The ability to detect accurately detect genomic structural variation (SV) is a crucial spoke in deciphering the multifaceted mechanisms of oncogenesis occurring in concert. There is often ambiguity in calling SV with short-read technologies, at both DNA and RNA levels of resolution, which can begin to be mitigated by long-read sequencing. Ascertainment of differential transcript isoform utilization (DTU) in disease or drug-resistant states also stands to directly benefit from long read and alleviate short read ambiguity. Here we embarked on studies to contrast SV and DTU calling between short and long read sequencing, at the single-cell level, with ResolveDNA genomic amplification and ResolveOME joint genomic/transcriptomic profiling [1]. We employed two long-read platforms, PacBio Revio and Oxford Nanopore Technologies (ONT) PromethION to report DNA- or RNA-level single-cell data using a cell line panel of diverse types with diverse states of copy number alteration.
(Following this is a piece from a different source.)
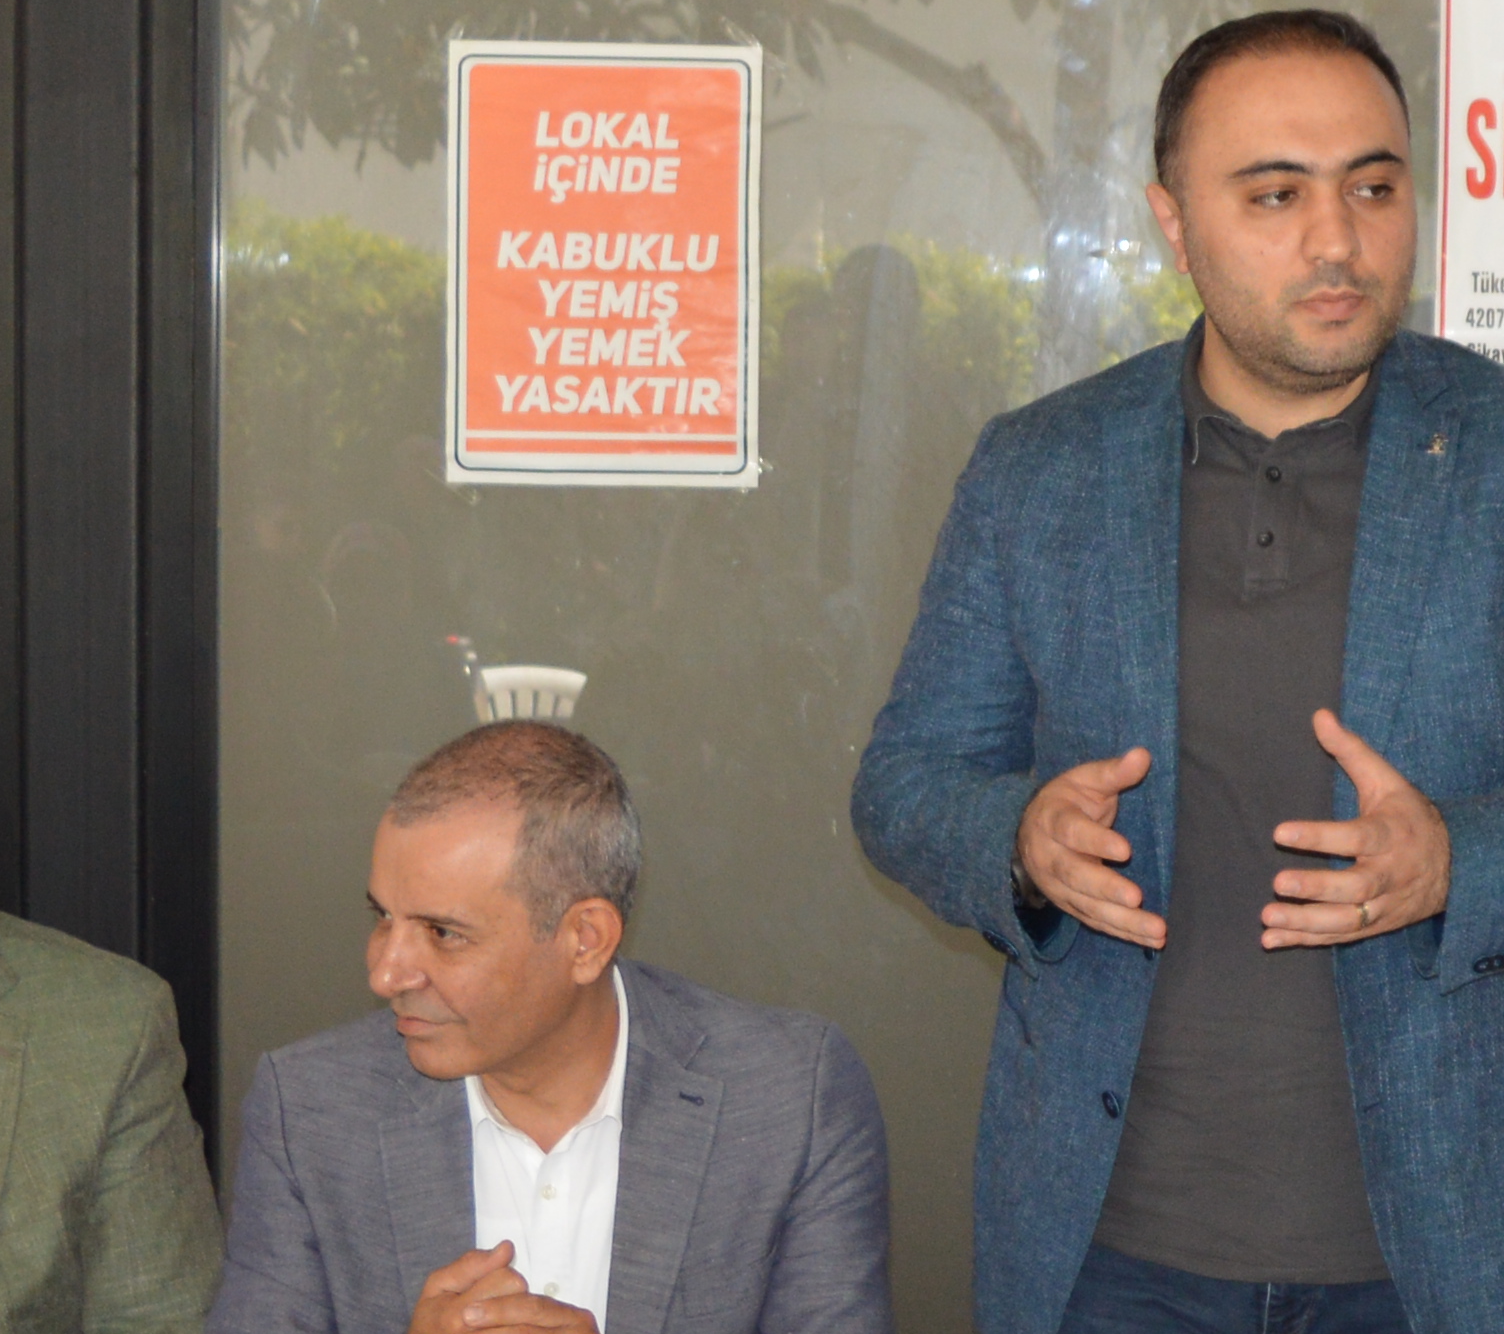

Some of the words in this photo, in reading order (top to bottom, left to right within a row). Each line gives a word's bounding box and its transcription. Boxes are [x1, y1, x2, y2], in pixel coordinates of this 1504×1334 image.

Transcriptomically, we devised a MAS-Seq strategy with a 16-plex of matched parental and drug-resistant triple-negative breast cancer or acute myeloid leukemia single cells as well as euploid HG001 cells to compare the full-length ResolveOME cDNA directly sequenced by the long-read platforms or fragmented for short-read readouts. Genomically, we enriched for long ResolveDNA or ResolveOME amplification products and either enzymatically fragmented these for short-read sequencing or directly sequenced using both long-read platforms. Dependent on the researcher’s biological interest, we demonstrate here the feasibility of a forked ResolveDNA/OME workflow that presents a longread option.